===== Data extracts =====

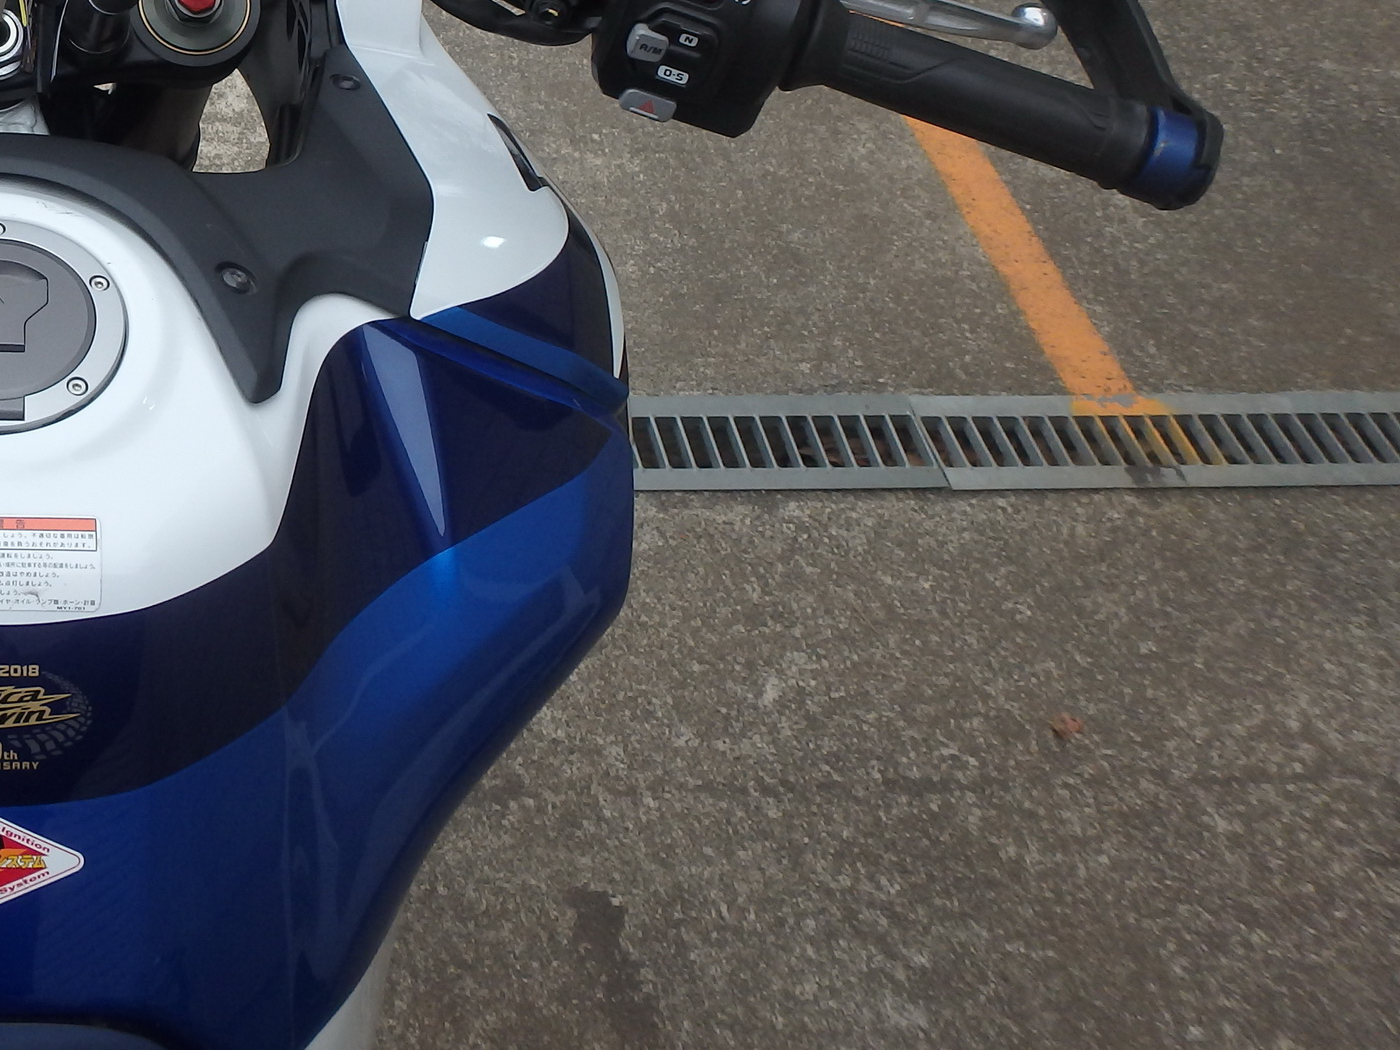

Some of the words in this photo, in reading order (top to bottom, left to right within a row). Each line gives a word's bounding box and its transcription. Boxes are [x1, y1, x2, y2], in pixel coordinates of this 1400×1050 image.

[639, 43, 663, 56] A/M
[684, 36, 694, 45] N
[1, 826, 51, 854] Ignition
[0, 870, 51, 895] System
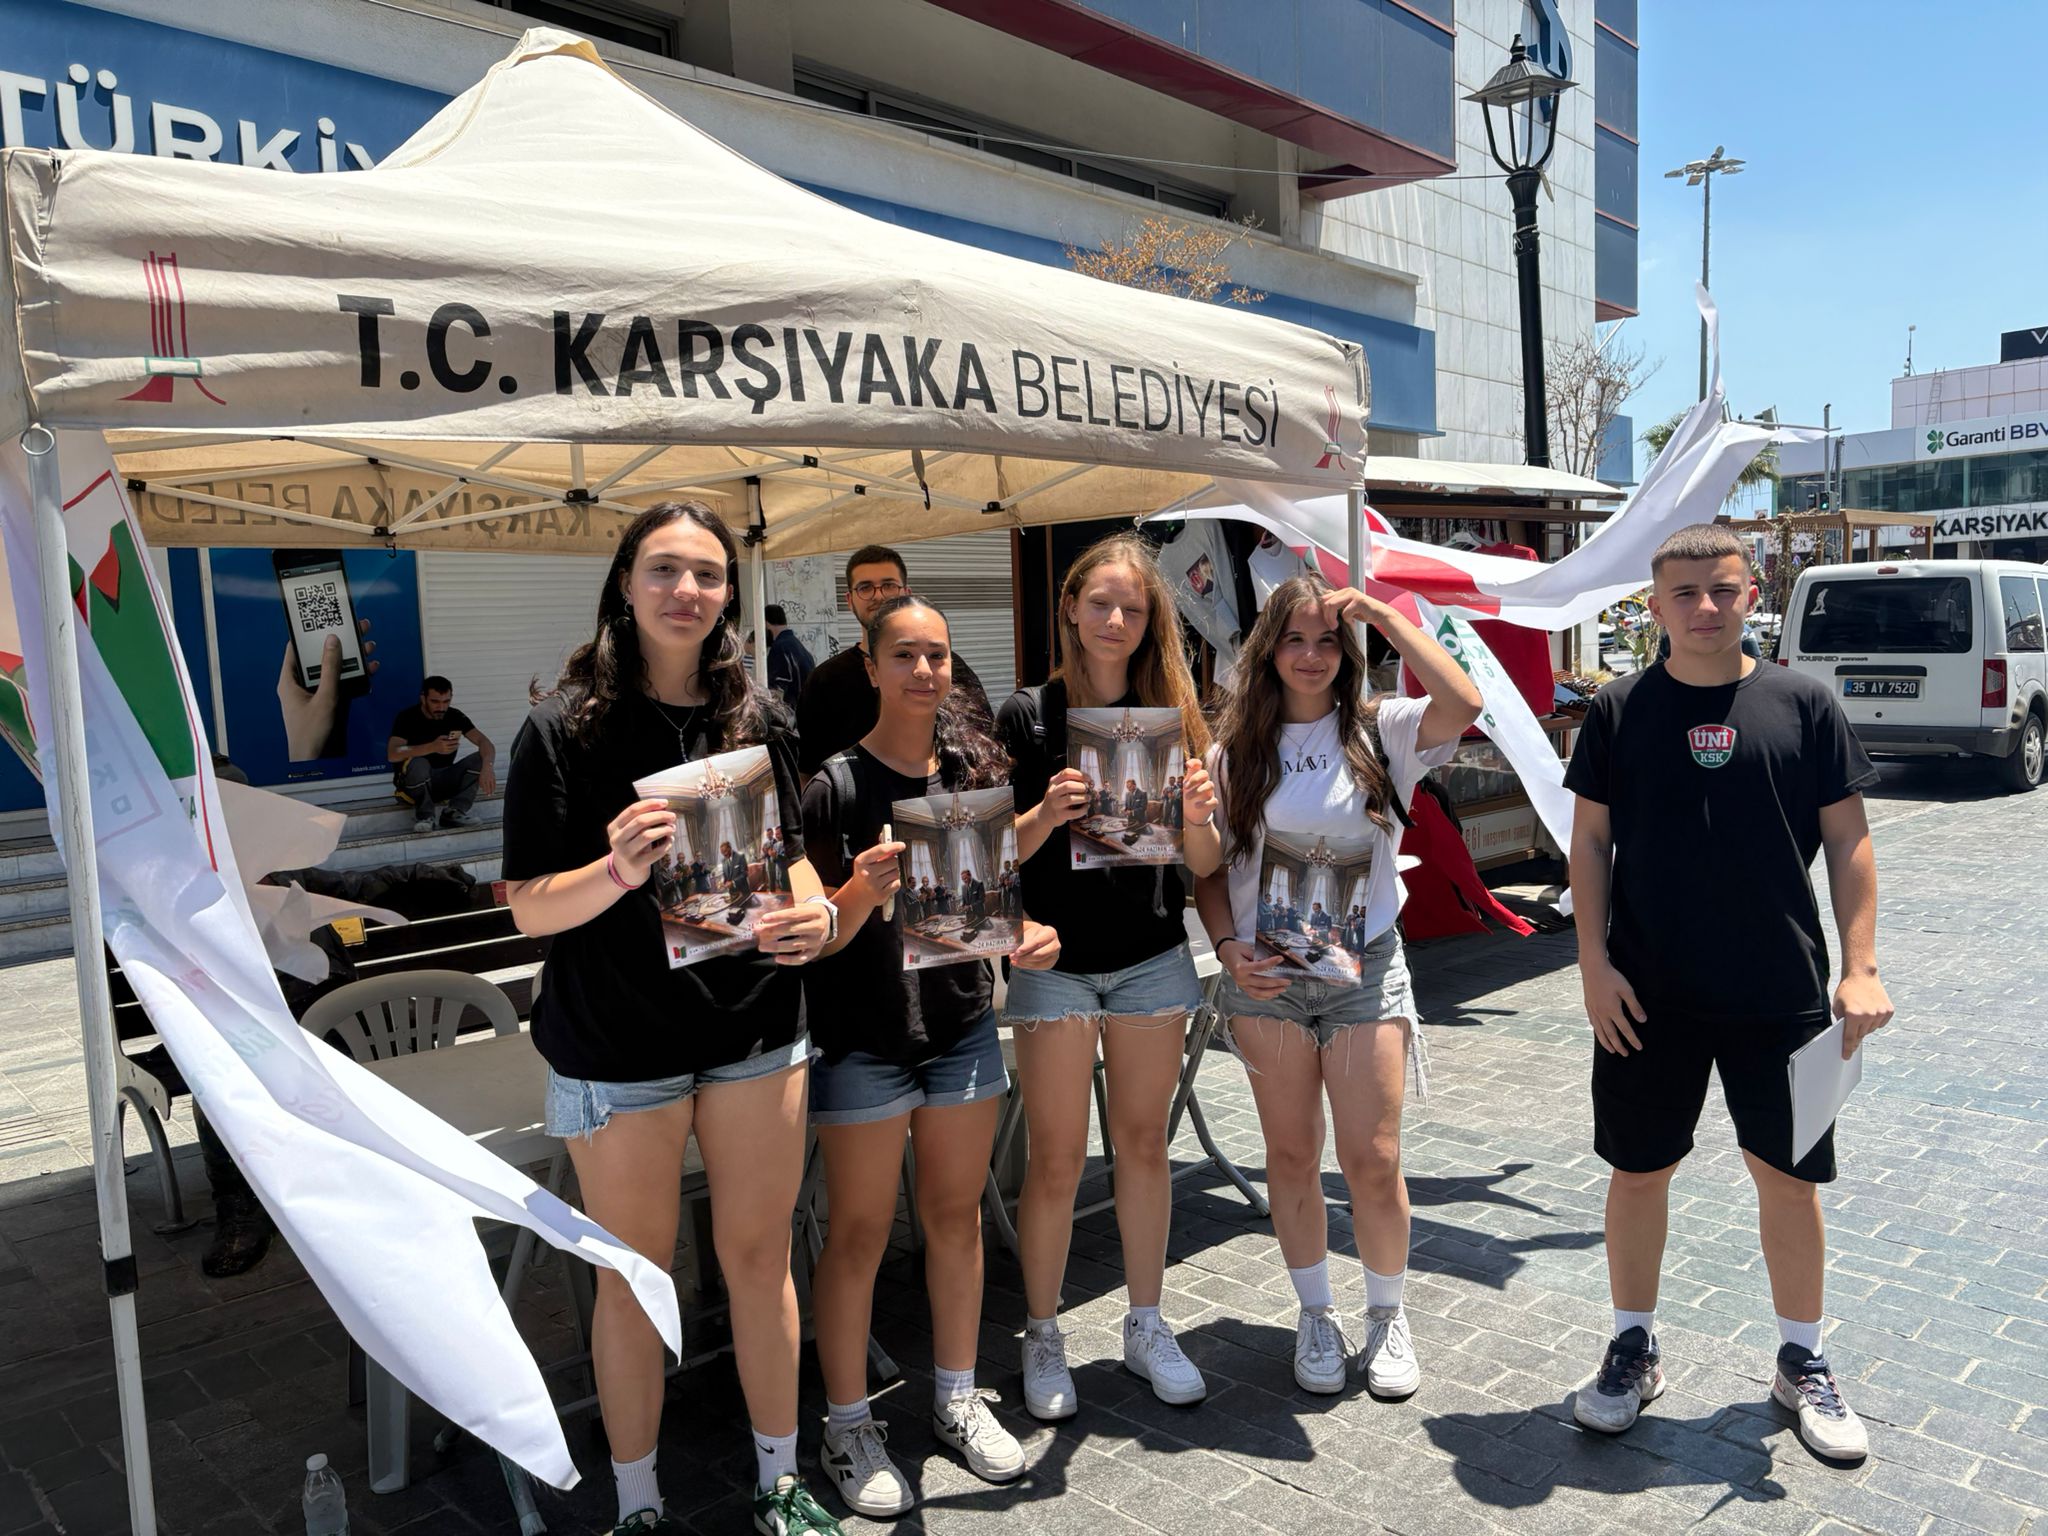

=====

To do
Every line above is to be repeated exactly, but no picture is to appear in the copy.

Result
Some of the words in this photo, in reading order (top to bottom, left to right within a row). Each line gives a word's bounding box and its transcription. Boxes are [x1, y1, x2, y2], in pixel coordinates of this 1400×1050 image.

[639, 43, 663, 56] A/M
[684, 36, 694, 45] N
[1, 826, 51, 854] Ignition
[0, 870, 51, 895] System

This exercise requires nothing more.